到中心的距离:" + (google.maps.geometry.spherical.computeDistanceBetween(centerPoint, startPoint)/1000).toFixed(3)+ " km<br>方位:" + google.maps.geometry.spherical.computeHeading(centerPoint, startPoint) + "<br><a href='javascript:map.setCenter(new google.maps.LatLng("+ startPoint.toUrlValue(6) + "));map.setZoom(20);'>放大</a> - <a href='javascript:map.fitBounds(bounds);'>缩小</a>");createMarker(endPoint, "end: " + endPoint.toUrlValue(6) + "
到中心的距离:" + (google.maps.geometry.spherical.computeDistanceBetween(centerPoint, endPoint)/1000).toFixed(3)+ " km<br>方位:" + google.maps.geometry.spherical.computeHeading(centerPoint, endPoint) + "<br><a href='javascript:map.setCenter(new google.maps.LatLng("+ endPoint.toUrlValue(6) + "));map.setZoom(20);'>放大</a> - <a href='javascript:map.fitBounds(bounds);'>缩小</a>");createMarker(centerPoint, "center: " + centerPoint.toUrlValue(6));var arcPts = drawArc(centerPoint, google.maps.geometry.spherical.computeHeading(centerPoint, startPoint), google.maps.geometry.spherical.computeHeading(centerPoint, endPoint), google.maps.geometry.spherical.computeDistanceBetween(centerPoint, startPoint));//添加开始和结束行arcPts.push(centerPoint);bounds.extend(centerPoint);arcPts.push(startPoint);var piePoly = 新的 google.maps.Polygon({路径:[arcPts],strokeColor: "#00FF00",中风不透明度:0.5,行程重量:2,填充颜色:#FF0000",填充不透明度:0.35,地图:地图});map.fitBounds(边界);}google.maps.event.addDomListener(window, 'load', initialize);
html,身体,#map_canvas {高度:100%;宽度:100%;边距:0;填充:0;}
<script type="text/javascript" src="http://maps.google.com/maps/api/js?key=AIzaSyCkUOdZ5y7hMm0yrcCQoCvLwzdM6M8s5qk&libraries=geometry"></script><div id="map_canvas"></div>
The idea is to draw an arc centered on a specific point, using angles.
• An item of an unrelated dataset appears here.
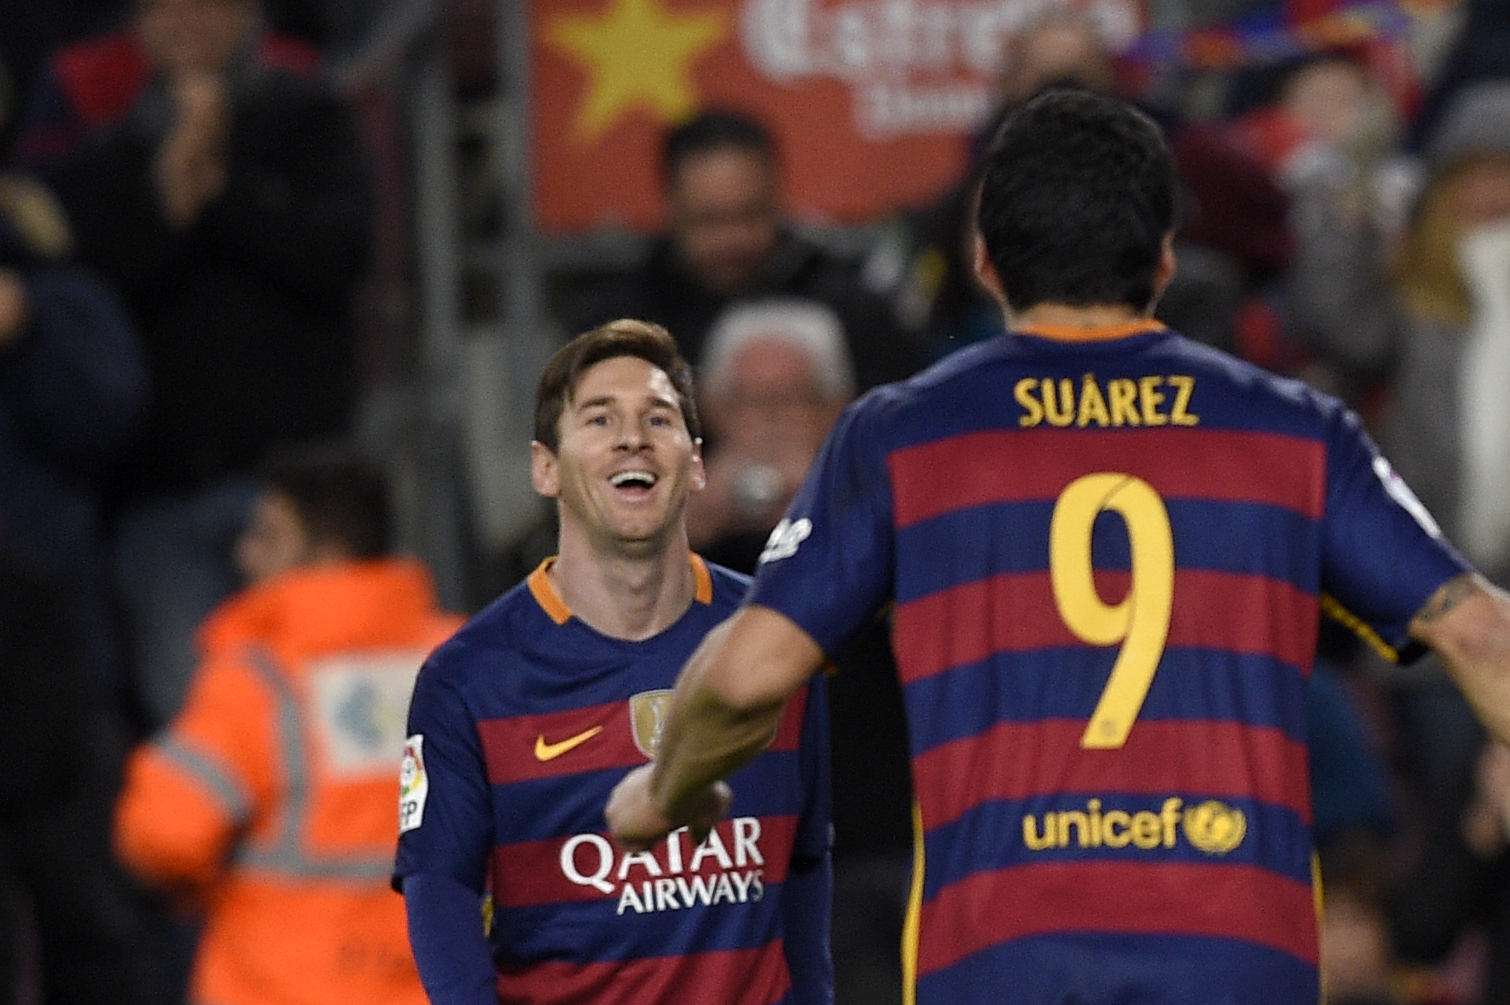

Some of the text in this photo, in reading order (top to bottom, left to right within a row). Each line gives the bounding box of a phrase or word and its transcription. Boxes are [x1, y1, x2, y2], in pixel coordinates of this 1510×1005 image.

[1013, 371, 1200, 428] SUÁREZ
[1048, 471, 1176, 750] 9
[1021, 796, 1183, 851] unicef
[615, 869, 765, 916] AIRWAYS
Note: Not the chord, nor the sector, nor the area between the chord and the arc.
Memento: http://en.wikipedia.org/wiki/Arc_(geometry)
A full circle parameters:
- center at coordinates LatC,LngC
- radius of 1 609 meters
- start angle of 0 degrees
- end angle of 360 degrees
example http://jsfiddle.net/GGvQH/3/
new google.maps.Circle({
center: new google.maps.LatLng(18.4894, 73.910158),
radius: 1609,
...
});
An arc of 180° (PI/2 radiant) oriented to north would be like:
- center at coordinates LatC,LngC
- radius of 1 609 meters
- start angle of 270 degrees (9 o'clock)
- end angle of 90 degrees (3 o'clock)
First of all, I do not want to plot a polyline for each arc, using tons of points to get a smooth effect: need to recompute for each scale and may cost resources... or is it?
There is an idea with polygons intersection Google Maps API v3 - circle sector ...do anyone have seen a working jsfiddle? Note: http://jsfiddle.net/Morlock0821/4dRB2/1/ is very close to the arc, but I do not want a closed surface.
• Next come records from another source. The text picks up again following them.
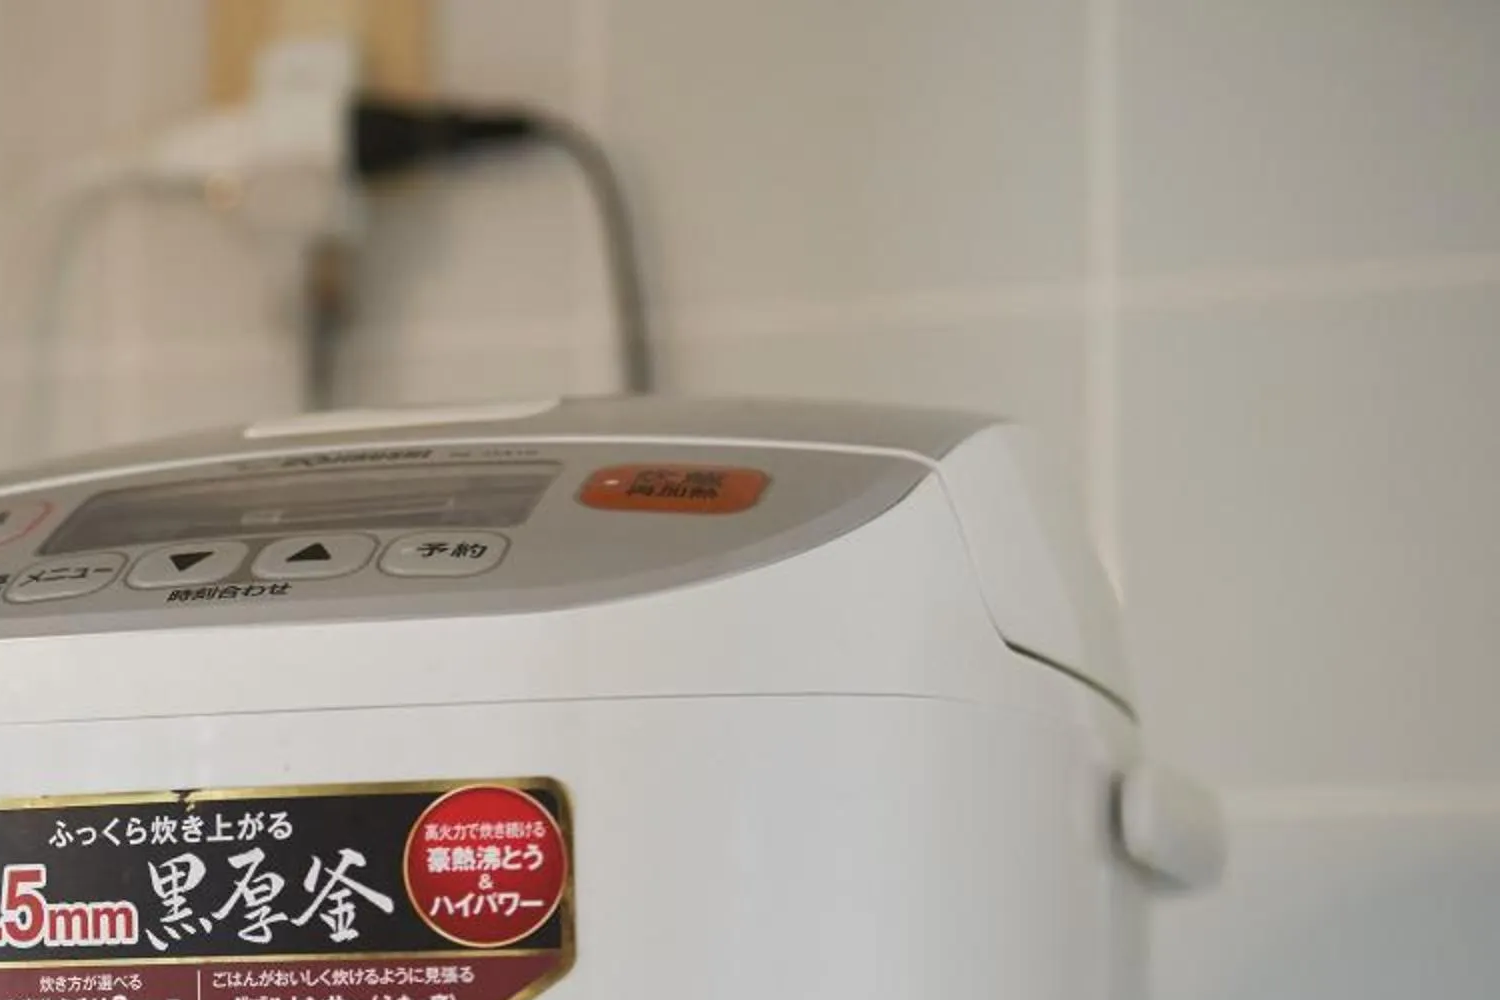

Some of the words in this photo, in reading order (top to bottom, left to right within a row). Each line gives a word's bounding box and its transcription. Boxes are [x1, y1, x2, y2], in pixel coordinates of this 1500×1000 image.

[417, 541, 488, 559] 予約
[18, 566, 113, 587] メニュー
[166, 581, 292, 602] 時刻合わせ
[48, 811, 294, 848] ふっくら炊き上がる
[478, 873, 494, 890] &
[144, 847, 396, 951] 黒厚釜
[429, 891, 545, 918] ハイパワー
[39, 974, 143, 993] 炊き方が選べる
[212, 966, 475, 989] ごはんがおいしく炊けるように見張る
Another idea with bearing... but I am reluctant to redefine the earth's radius to get the tiny arc I want. https://developers.google.com/maps/documentation/javascript/examples/geometry-headings (in this case, I want only the purple line, not the red one).
Any help would be greatly appreciated.
This is the code I use in this example:
function drawArc(center, initialBearing, finalBearing, radius) {
var d2r = Math.PI / 180; // degrees to radians
var r2d = 180 / Math.PI; // radians to degrees
var points = 32;
// find the raidus in lat/lon
var rlat = (radius / EarthRadiusMeters) * r2d;
var rlng = rlat / Math.cos(center.lat() * d2r);
var extp = new Array();
if (initialBearing > finalBearing) finalBearing += 360;
var deltaBearing = finalBearing - initialBearing;
deltaBearing = deltaBearing/points;
for (var i=0; (i < points+1); i++)
{
extp.push(center.DestinationPoint(initialBearing + i*deltaBearing, radius));
bounds.extend(extp[extp.length-1]);
}
return extp;
}
Used like this, where startPoint is the start of the arc, endPoint is the end of the arc and centerPoint is the center, but you can specify center, angles and radius.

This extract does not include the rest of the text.